Wave-induced response of a closed floating fish cage consisting of a vertical circular cylinder with an external toroidal floater is studied theoretically and experimentally. A main purpose was to investigate how the internal sloshing would influence the global response of the cage, the interior wave elevation and also the mean drift loads. An ocean basin laboratory was used in order to minimize tank wall effects. An optical system involving eight markers was used to obtain experimental values for radial elastic deformations of the cylindrical part. The closer a coupled natural period between body motions and sloshing is to a corresponding natural sloshing period, the more nonlinear sloshing can be. In the examined case, the highest coupled natural period between surge, pitch and sloshing is 0.8 times the highest natural sloshing period. Linear potential flow theory can, in general, explain experimental transfer functions of rigid-body motions and sloshing due to rigid-body motions obtained by both regular wave and truncated white noise tests. Theoretical second order mean wave drift forces based on a rigid body and potential flow agree also well with experimental results. Resonant 3D sloshing was excited due to ovalizing hydroelastic structural modes in both regular waves and white-noise tests. The closeness between the corresponding structural and sloshing frequencies caused large response. A linear hydroelastic analysis based on WAMIT and LS-DYNA could partly explain the response. Parametric resonant pitch response occurred experimentally at large wave periods partially due to in and out of water motion of portions of the floater and was explained by treating the pitch as uncoupled motion modeled by the Mathieu equation. The pitch motion predicted by linear potential flow theory was, in general, unsatisfactory when the floater was partly out of the water occasionally.

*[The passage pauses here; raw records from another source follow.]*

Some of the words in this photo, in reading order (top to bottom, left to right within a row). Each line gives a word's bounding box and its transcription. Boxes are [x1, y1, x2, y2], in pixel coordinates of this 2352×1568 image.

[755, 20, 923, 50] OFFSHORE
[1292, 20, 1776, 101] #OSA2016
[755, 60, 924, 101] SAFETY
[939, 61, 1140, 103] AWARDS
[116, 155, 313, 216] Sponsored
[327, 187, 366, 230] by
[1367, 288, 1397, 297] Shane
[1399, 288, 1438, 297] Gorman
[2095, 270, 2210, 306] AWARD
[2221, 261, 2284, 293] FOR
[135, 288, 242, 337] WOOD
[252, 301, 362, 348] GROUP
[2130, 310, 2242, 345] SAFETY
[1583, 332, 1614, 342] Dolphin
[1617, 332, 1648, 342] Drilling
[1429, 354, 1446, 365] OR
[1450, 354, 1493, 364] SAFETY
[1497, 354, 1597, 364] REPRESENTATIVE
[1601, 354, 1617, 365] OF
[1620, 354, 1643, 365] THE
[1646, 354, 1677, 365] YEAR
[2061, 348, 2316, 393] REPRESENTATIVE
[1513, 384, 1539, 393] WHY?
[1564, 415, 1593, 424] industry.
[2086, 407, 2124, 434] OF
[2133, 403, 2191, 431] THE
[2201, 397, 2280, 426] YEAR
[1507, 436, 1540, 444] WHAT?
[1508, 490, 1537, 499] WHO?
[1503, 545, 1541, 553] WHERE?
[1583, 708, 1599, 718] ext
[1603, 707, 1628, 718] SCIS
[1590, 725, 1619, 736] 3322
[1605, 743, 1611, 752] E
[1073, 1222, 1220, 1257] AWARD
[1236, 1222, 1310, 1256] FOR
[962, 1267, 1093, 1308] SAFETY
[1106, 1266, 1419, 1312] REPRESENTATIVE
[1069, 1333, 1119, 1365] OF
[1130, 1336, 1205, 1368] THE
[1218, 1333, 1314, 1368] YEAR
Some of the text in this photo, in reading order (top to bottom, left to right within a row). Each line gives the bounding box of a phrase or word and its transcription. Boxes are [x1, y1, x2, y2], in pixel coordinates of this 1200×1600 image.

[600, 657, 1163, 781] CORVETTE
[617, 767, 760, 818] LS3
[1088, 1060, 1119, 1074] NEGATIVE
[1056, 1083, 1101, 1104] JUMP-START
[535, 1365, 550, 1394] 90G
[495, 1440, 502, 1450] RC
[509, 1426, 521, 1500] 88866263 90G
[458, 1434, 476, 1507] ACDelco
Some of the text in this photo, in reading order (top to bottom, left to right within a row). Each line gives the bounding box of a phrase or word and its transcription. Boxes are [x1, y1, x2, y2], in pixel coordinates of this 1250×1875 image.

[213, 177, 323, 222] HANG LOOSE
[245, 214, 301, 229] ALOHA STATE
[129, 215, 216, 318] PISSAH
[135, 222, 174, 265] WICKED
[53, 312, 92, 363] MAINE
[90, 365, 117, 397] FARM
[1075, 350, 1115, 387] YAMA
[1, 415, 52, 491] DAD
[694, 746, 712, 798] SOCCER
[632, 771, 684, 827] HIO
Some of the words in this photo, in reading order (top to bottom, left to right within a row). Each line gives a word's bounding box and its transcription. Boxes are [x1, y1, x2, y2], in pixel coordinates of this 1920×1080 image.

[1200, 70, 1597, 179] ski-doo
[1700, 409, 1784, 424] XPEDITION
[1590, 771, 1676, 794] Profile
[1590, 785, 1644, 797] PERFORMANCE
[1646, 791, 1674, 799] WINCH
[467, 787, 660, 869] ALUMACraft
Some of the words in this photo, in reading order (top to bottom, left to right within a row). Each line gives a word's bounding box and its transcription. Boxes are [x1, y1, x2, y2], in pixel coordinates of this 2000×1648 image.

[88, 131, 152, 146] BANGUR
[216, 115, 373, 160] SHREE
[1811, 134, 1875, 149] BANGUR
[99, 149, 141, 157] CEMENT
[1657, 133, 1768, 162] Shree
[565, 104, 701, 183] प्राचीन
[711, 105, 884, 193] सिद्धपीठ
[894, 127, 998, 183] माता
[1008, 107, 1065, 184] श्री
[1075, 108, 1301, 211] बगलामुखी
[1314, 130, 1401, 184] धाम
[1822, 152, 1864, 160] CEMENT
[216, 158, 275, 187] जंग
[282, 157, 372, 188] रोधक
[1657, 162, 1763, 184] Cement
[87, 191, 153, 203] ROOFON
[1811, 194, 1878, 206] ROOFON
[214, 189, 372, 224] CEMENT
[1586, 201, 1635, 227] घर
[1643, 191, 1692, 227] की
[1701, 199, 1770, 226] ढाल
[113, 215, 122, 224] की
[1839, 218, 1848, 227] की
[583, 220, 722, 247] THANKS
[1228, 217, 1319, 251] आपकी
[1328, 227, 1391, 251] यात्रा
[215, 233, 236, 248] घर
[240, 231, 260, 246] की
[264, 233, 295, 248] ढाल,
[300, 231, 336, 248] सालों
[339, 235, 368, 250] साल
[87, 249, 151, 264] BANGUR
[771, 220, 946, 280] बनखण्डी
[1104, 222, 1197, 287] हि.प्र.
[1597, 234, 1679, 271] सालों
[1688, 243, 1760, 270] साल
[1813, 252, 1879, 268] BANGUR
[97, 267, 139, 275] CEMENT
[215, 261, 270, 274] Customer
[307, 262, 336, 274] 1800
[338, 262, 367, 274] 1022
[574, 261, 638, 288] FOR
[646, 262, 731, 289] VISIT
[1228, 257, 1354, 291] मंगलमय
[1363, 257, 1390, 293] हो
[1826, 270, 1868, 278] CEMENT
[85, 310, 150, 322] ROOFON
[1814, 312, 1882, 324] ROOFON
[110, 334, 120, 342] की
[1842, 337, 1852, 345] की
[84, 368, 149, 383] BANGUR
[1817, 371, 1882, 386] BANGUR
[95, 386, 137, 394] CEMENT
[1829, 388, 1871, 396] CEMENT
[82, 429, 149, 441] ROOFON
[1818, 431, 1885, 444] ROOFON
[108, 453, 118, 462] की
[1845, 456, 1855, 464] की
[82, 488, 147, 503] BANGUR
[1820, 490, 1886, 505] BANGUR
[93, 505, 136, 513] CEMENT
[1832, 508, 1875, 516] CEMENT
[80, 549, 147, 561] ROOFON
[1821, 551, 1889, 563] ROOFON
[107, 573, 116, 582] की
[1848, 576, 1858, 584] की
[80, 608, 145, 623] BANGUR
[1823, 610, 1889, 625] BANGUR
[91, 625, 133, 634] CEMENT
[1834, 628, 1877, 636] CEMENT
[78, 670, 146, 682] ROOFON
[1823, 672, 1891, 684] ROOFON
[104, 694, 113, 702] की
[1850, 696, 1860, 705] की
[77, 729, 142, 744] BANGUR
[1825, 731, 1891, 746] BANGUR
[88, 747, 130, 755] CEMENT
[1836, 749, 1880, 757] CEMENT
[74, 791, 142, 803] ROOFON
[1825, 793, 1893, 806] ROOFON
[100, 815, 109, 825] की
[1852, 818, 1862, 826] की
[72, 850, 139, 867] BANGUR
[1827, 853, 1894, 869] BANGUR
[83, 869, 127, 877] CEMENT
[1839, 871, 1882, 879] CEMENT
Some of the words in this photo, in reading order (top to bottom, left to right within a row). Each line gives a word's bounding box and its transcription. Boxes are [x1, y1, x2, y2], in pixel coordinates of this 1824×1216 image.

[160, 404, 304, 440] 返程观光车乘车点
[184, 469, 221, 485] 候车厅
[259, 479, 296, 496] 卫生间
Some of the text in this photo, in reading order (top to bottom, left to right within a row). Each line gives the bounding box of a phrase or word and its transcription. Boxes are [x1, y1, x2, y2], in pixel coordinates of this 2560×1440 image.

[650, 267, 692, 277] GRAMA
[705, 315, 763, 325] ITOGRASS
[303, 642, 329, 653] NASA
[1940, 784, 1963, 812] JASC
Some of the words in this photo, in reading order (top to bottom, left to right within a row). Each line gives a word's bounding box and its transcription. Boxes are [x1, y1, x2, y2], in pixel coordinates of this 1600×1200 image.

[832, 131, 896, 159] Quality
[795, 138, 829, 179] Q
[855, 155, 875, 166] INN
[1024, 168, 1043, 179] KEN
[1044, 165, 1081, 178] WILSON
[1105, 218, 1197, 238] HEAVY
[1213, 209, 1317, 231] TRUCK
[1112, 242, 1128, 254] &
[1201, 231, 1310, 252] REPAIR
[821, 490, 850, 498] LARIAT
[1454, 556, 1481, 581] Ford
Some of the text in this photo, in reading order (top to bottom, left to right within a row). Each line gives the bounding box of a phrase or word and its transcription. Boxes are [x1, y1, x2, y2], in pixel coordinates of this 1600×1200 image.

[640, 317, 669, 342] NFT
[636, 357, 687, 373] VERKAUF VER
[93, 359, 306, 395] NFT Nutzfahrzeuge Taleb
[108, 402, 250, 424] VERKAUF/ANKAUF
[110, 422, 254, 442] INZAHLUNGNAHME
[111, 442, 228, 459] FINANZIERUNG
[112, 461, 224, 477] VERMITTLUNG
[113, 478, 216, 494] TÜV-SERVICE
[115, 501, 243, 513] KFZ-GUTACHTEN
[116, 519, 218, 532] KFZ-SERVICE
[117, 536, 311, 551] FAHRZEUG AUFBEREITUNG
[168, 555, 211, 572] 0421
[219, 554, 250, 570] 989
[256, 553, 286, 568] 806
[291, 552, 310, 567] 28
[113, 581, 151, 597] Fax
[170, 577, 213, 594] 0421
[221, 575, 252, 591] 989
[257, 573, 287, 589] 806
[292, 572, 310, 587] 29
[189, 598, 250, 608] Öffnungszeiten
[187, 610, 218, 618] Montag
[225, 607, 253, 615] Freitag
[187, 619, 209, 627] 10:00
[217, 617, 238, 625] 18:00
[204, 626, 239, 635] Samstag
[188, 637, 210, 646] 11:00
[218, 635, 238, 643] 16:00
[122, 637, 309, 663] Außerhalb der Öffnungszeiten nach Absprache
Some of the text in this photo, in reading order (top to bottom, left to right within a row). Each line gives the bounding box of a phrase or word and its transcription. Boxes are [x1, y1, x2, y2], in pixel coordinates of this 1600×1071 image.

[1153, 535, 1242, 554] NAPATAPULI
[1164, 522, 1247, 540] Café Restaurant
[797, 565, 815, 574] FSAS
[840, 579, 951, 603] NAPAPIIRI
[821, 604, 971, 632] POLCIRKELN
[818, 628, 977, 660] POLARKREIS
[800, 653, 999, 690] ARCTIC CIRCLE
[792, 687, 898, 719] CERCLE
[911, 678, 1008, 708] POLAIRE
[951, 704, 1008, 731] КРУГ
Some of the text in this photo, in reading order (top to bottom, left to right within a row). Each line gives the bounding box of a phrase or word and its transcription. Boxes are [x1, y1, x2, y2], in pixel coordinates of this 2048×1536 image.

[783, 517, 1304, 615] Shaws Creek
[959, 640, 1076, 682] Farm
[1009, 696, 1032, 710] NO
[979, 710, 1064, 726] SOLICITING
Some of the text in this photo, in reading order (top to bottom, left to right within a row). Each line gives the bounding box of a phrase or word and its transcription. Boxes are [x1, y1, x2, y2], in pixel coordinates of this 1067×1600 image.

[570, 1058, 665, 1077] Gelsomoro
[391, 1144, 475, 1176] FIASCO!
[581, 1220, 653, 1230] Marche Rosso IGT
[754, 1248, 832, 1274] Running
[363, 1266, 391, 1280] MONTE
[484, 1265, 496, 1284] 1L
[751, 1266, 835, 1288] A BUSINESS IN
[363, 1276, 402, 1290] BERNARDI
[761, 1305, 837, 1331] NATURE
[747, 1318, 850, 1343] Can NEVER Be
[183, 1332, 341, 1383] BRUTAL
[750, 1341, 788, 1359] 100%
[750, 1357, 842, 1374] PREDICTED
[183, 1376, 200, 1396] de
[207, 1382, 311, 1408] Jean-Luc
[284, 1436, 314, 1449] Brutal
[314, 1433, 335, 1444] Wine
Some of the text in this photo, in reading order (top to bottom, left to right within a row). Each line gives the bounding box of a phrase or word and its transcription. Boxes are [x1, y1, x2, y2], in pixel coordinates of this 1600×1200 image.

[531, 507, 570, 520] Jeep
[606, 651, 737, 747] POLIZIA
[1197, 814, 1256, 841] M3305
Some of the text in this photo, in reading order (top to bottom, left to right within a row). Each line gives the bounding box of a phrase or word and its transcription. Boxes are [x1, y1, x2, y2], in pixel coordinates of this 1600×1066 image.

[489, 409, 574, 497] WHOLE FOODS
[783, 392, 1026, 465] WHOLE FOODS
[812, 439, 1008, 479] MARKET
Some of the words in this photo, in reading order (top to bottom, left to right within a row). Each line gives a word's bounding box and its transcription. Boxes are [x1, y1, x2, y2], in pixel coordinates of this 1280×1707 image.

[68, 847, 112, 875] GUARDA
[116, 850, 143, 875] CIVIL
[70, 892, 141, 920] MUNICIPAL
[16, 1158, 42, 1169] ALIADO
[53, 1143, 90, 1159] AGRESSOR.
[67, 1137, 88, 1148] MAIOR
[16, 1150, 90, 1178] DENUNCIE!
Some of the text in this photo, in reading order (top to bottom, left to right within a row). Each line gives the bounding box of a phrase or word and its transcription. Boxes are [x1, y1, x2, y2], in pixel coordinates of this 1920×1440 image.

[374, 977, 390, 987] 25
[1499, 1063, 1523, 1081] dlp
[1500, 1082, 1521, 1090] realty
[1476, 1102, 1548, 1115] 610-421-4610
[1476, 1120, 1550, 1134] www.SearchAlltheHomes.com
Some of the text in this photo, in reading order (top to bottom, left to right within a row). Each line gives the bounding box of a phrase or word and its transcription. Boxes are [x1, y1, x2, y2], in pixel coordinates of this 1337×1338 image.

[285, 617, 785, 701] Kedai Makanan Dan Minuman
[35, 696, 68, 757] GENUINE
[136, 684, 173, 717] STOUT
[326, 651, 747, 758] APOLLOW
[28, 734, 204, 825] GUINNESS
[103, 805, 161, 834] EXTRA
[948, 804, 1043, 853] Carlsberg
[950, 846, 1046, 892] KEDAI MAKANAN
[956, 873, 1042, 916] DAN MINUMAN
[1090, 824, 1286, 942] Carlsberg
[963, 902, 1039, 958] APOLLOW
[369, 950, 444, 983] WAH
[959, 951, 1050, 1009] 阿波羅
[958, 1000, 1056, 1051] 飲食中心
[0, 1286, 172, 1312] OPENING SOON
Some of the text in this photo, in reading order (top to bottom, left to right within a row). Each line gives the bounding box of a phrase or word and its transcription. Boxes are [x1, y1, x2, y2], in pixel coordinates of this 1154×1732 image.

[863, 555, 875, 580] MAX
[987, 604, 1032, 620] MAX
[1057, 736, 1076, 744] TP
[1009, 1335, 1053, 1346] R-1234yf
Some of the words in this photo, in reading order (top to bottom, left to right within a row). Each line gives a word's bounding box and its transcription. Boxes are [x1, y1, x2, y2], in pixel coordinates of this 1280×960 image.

从理论上和实验上研究了由带有外部环形浮子的垂直圆柱体组成的封闭浮动鱼笼的波浪诱导响应。一个主要目的是研究内部晃动如何影响笼子的整体响应、内波高程以及平均漂移载荷。使用海洋盆地实验室以尽量减少罐壁效应。使用包含八个标记的光学系统来获得圆柱部分径向弹性变形的实验值。身体运动和晃动之间的耦合自然周期越接近相应的自然晃动周期，晃动越非线性。在所考察的情况下，浪涌、纵摇和晃荡之间的最高耦合自然周期是最高自然晃荡周期的 0.8 倍。一般来说，线性势流理论可以解释刚体运动的实验传递函数和由规则波和截断白噪声测试获得的刚体运动引起的晃动。基于刚体和势流的理论二阶平均波漂移力也与实验结果非常吻合。由于常规波和白噪声测试中的椭圆化水弹性结构模式，共振 3D 晃动被激发。相应的结构频率和晃荡频率之间的接近度引起了很大的响应。基于 WAMIT 和 LS-DYNA 的线性水弹性分析可以部分解释响应。参数共振俯仰响应在大波浪周期实验上发生，部分原因是漂浮物部分的进水和出水运动，并通过将俯仰视为由 Mathieu 方程建模的非耦合运动来解释。当漂浮物偶尔部分出水时，线性势流理论预测的俯仰运动通常不能令人满意。